“We are very pleased with this result for our client,” said ArthroCare attorney Jeff Layne of Norton Rose Fulbright. “This agreement sends the right message to companies who are considering whether or not to self-audit, self-disclose and fully cooperate with the DOJ's investigations—should those investigations come along. The terms of the (agreement) and significant fine reduction make that clear.”
The agreement requires ArthroCare to pay about a quarter of what its total exposure could have been, but it requires the company to cooperate in the ongoing criminal case against its former CEO Michael Baker and former Chief Financial Officer Michael Gluk. Such cooperation includes making company records and witnesses available to the government.
Baker and Gluk have pleaded not guilty to a 17-count indictment in Austin federal court accusing them of conspiring and carrying out wire fraud and securities fraud. Baker also was charged with making false statements to investigators. After the indictments were announced last July, Baker posted $1 million deed-secured bond and Gluk posted 10% cash deposit on $100,000 bond. A trial is set for May.

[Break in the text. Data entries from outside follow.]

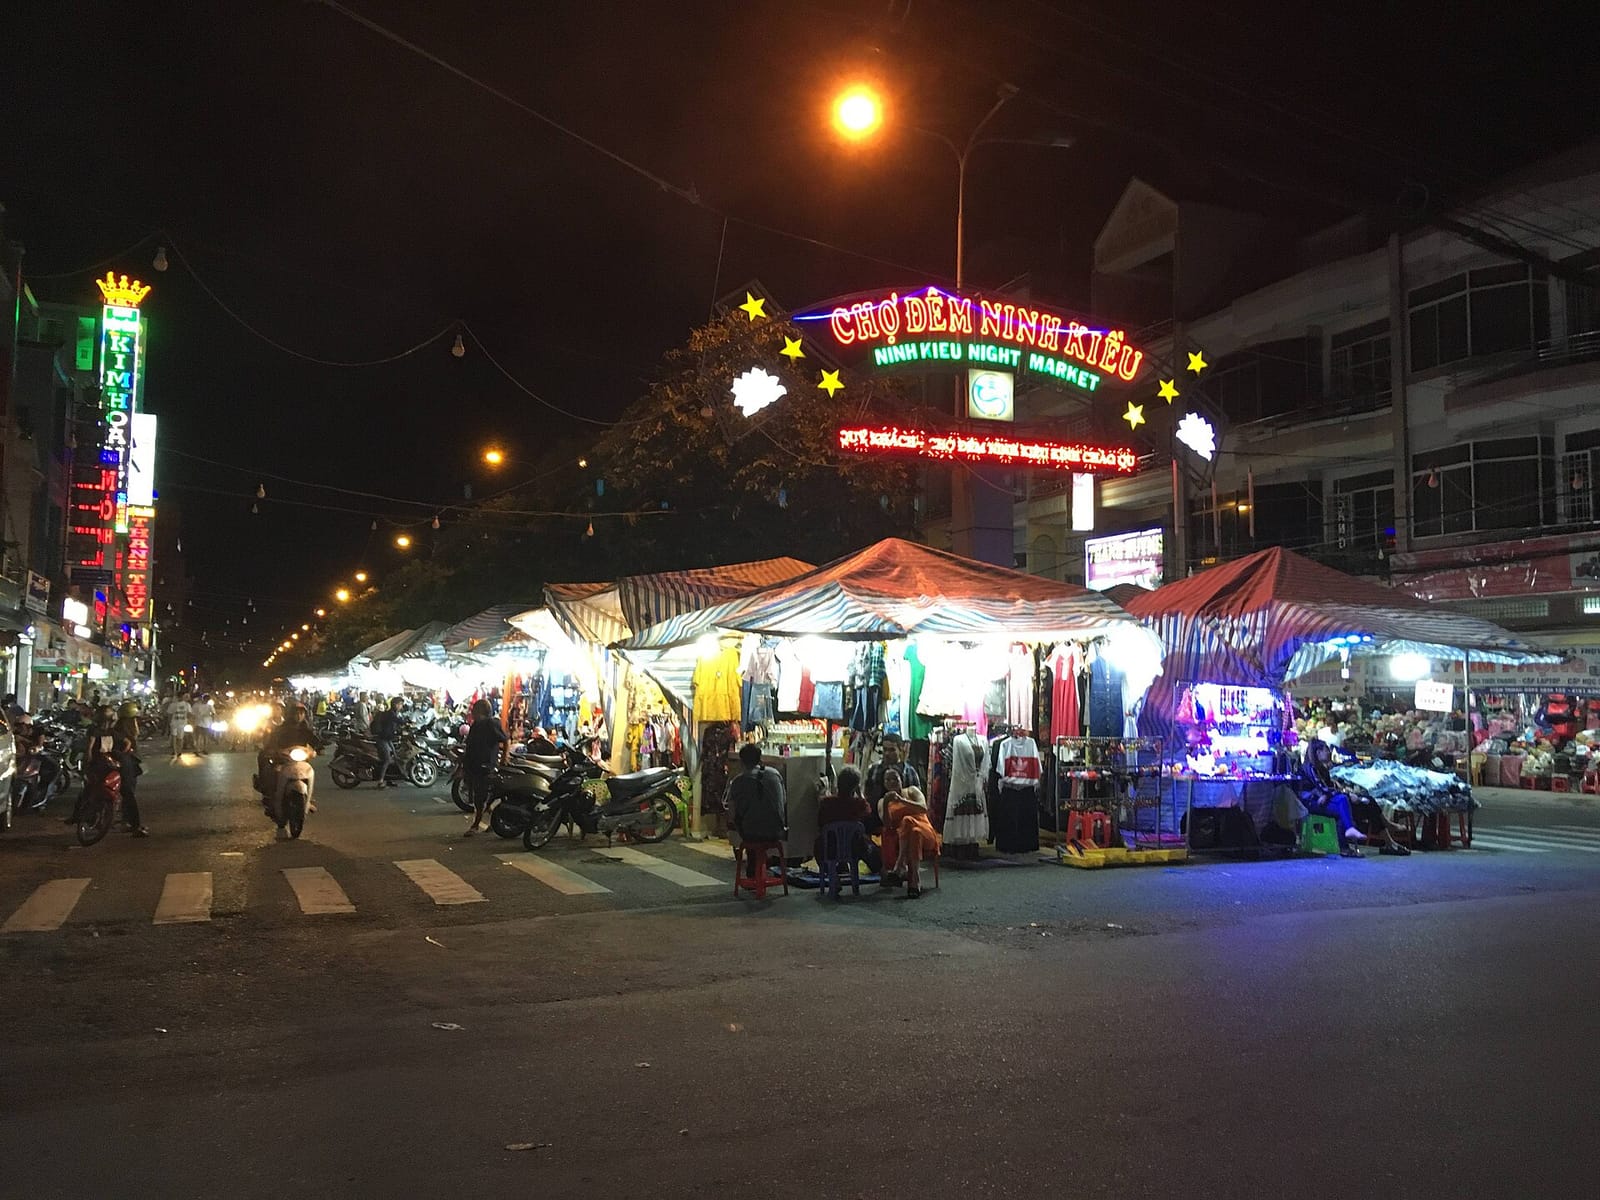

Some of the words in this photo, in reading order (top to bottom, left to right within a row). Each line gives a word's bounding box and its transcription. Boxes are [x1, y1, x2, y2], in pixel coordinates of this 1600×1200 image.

[831, 292, 900, 344] CHỢ
[904, 286, 973, 333] ĐÊM
[980, 299, 1062, 351] NINH
[1064, 321, 1143, 381] KIỀU
[106, 335, 131, 388] KIM
[874, 343, 918, 366] NINH
[919, 341, 962, 360] KIEU
[968, 344, 1021, 367] NIGHT
[1029, 353, 1100, 392] MARKET
[127, 517, 150, 570] THANH
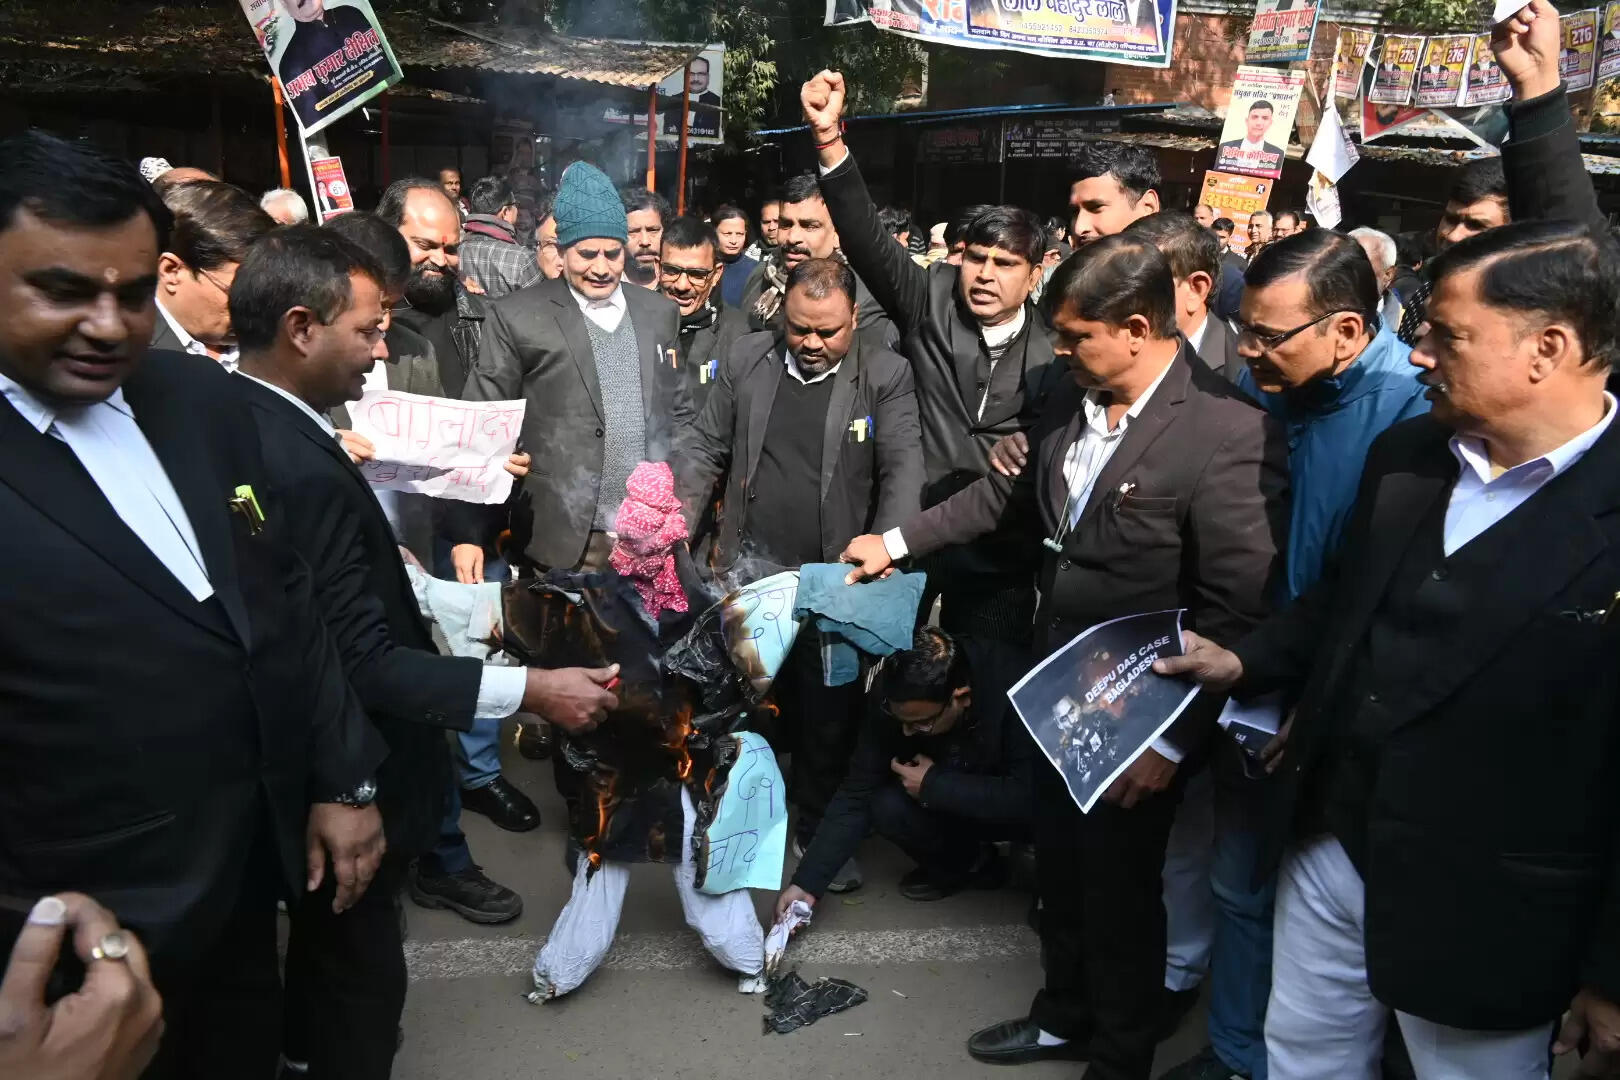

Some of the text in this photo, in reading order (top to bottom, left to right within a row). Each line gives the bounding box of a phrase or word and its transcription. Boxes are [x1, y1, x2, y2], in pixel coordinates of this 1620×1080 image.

ArthroCare sells a line of minimally invasive, electrified surgical tools for sports medicine and ear, nose and throat procedures. The company posted $46 million in income on $368 million in revenue in 2012.

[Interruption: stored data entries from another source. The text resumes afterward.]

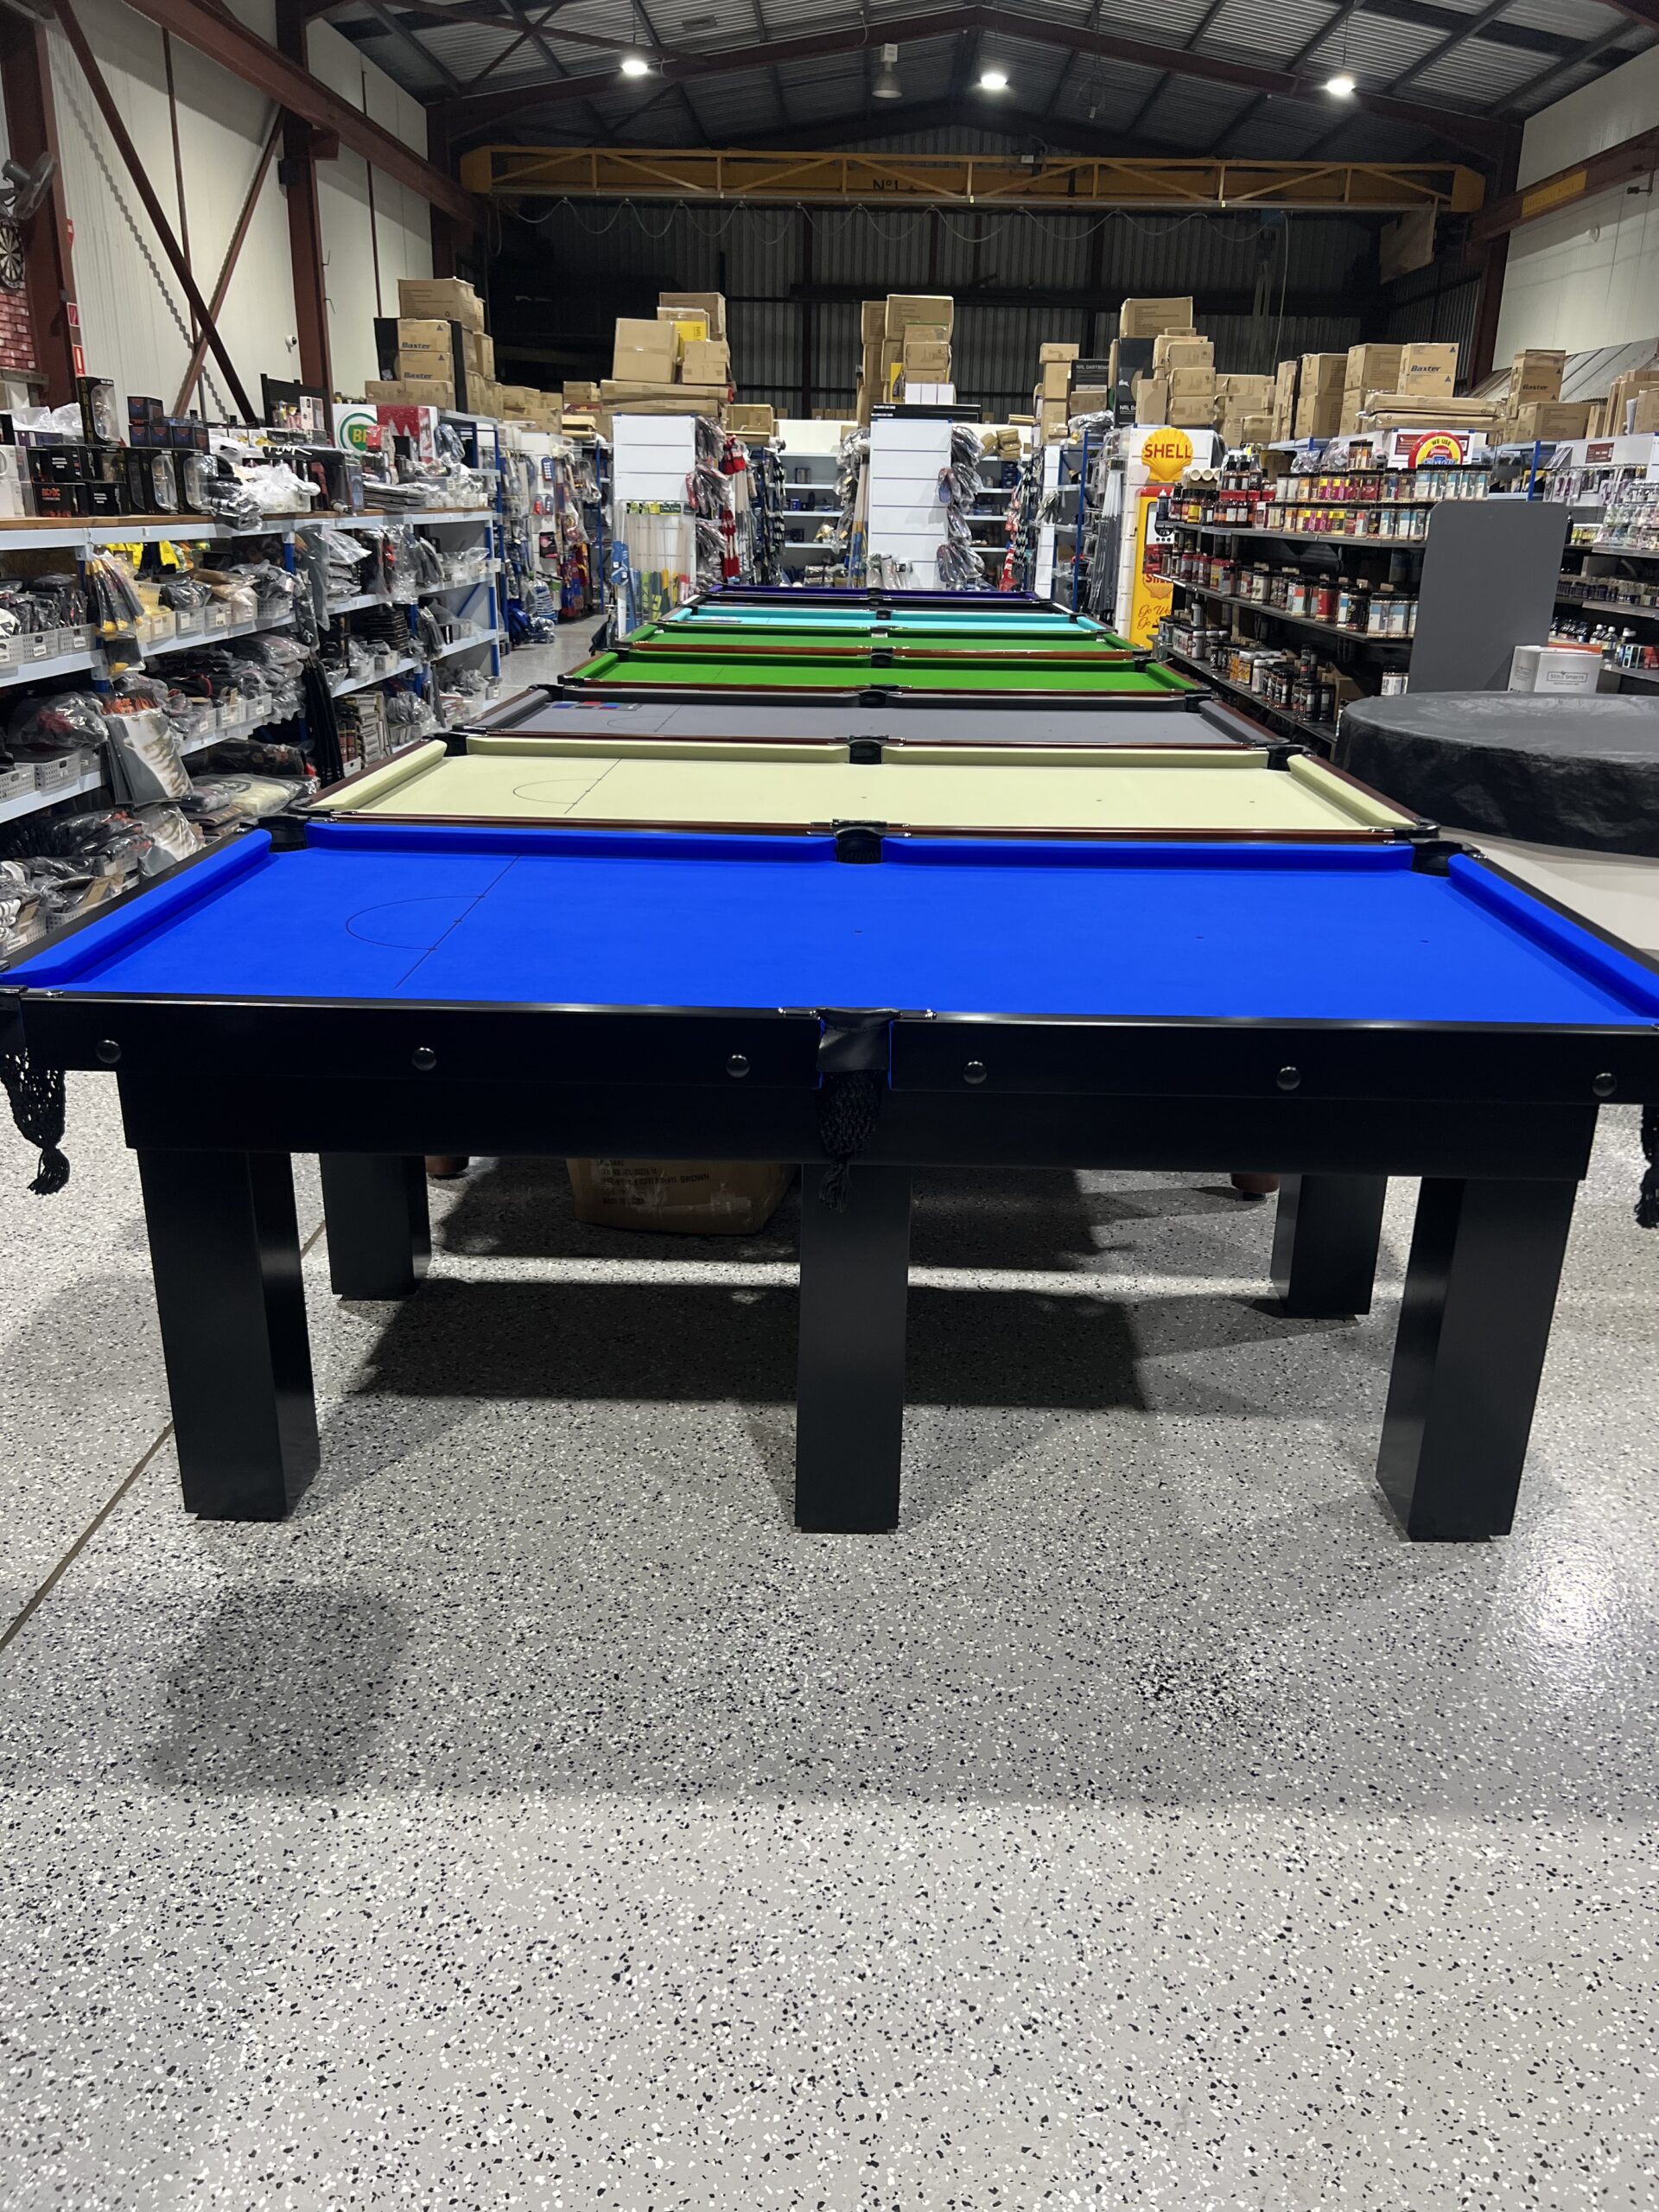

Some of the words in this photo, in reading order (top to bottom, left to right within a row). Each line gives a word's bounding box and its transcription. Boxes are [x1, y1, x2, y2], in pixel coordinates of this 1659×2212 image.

[401, 341, 431, 350] Baxter
[404, 372, 433, 380] Baxter
[1441, 438, 1452, 447] USE
[1144, 443, 1192, 459] SHELL
[1137, 604, 1153, 618] Go
[1136, 616, 1152, 630] Go
[680, 1173, 710, 1183] BROWN

ArthroCare's agreement with the U.S. Justice Department says it does not dispute prosecutors' charges that Baker, Gluk and other executives conspired to make the company appear more profitable than it actually was by using inflated sales numbers in company reports.
Specifically, executives arranged to have much more inventory shipped than distributors actually needed so ArthroCare would appear to have met Wall Street analysts' sales projections, the agreement says. The excesses amounted to millions' of dollars worth of products, which could secretly be returned to ArthroCare for refunds or discounted through “substantial” cash commissions to distributors.
ArthroCare even acquired its largest distributor, known as DiscoCare, so it could repossess the excess inventory and prevent DiscoCare from ultimately having to pay anything for the products, ArthroCare's agreement says.
The company said it self-disclosed the scheme to authorities in 2008.
Under the deferred-prosecution agreement, the criminal charge against the company will be dismissed by prosecutors after two years, as long as it complies with the terms of the agreement.
ArthroCare is not pleading guilty, but the agreement with prosecutors says “the company admits, accepts and acknowledges that it is responsible under United States law for the acts of its officers, directors, employees and agents … and that the allegations described in the (charges) … are true and accurate.”